▶ [Input for this task]
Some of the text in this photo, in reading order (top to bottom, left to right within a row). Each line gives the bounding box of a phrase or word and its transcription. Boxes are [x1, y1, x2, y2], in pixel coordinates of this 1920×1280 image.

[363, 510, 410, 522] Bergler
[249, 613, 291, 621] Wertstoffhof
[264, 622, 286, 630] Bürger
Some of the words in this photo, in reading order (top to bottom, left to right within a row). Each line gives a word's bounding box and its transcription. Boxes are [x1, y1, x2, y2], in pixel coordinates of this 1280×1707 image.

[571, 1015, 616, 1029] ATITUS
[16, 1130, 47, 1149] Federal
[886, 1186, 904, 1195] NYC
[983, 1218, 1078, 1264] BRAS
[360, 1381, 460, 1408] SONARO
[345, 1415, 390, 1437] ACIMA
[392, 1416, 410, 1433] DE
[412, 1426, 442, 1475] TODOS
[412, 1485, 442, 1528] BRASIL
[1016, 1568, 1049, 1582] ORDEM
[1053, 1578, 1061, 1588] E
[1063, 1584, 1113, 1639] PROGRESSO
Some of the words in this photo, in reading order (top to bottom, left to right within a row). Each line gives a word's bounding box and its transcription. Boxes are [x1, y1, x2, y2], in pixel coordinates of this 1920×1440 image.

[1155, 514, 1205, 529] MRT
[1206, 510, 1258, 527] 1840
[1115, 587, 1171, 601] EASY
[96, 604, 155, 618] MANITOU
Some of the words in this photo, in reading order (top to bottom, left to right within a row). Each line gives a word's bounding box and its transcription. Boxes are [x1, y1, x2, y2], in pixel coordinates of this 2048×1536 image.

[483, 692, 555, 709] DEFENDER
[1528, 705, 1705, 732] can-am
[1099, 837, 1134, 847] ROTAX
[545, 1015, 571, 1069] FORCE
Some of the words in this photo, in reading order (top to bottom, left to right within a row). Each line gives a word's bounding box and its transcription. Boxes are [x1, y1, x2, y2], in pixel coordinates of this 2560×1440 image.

▶ [Task goal]
Copy out each entry once more, character for character.

▶ [Solution]
Some of the text in this photo, in reading order (top to bottom, left to right within a row). Each line gives the bounding box of a phrase or word and its transcription. Boxes are [x1, y1, x2, y2], in pixel coordinates of this 1920×1280 image.

[363, 510, 410, 522] Bergler
[249, 613, 291, 621] Wertstoffhof
[264, 622, 286, 630] Bürger
Some of the words in this photo, in reading order (top to bottom, left to right within a row). Each line gives a word's bounding box and its transcription. Boxes are [x1, y1, x2, y2], in pixel coordinates of this 1280×1707 image.

[571, 1015, 616, 1029] ATITUS
[16, 1130, 47, 1149] Federal
[886, 1186, 904, 1195] NYC
[983, 1218, 1078, 1264] BRAS
[360, 1381, 460, 1408] SONARO
[345, 1415, 390, 1437] ACIMA
[392, 1416, 410, 1433] DE
[412, 1426, 442, 1475] TODOS
[412, 1485, 442, 1528] BRASIL
[1016, 1568, 1049, 1582] ORDEM
[1053, 1578, 1061, 1588] E
[1063, 1584, 1113, 1639] PROGRESSO
Some of the words in this photo, in reading order (top to bottom, left to right within a row). Each line gives a word's bounding box and its transcription. Boxes are [x1, y1, x2, y2], in pixel coordinates of this 1920×1440 image.

[1155, 514, 1205, 529] MRT
[1206, 510, 1258, 527] 1840
[1115, 587, 1171, 601] EASY
[96, 604, 155, 618] MANITOU
Some of the words in this photo, in reading order (top to bottom, left to right within a row). Each line gives a word's bounding box and its transcription. Boxes are [x1, y1, x2, y2], in pixel coordinates of this 2048×1536 image.

[483, 692, 555, 709] DEFENDER
[1528, 705, 1705, 732] can-am
[1099, 837, 1134, 847] ROTAX
[545, 1015, 571, 1069] FORCE
Some of the words in this photo, in reading order (top to bottom, left to right within a row). Each line gives a word's bounding box and its transcription. Boxes are [x1, y1, x2, y2], in pixel coordinates of this 2560×1440 image.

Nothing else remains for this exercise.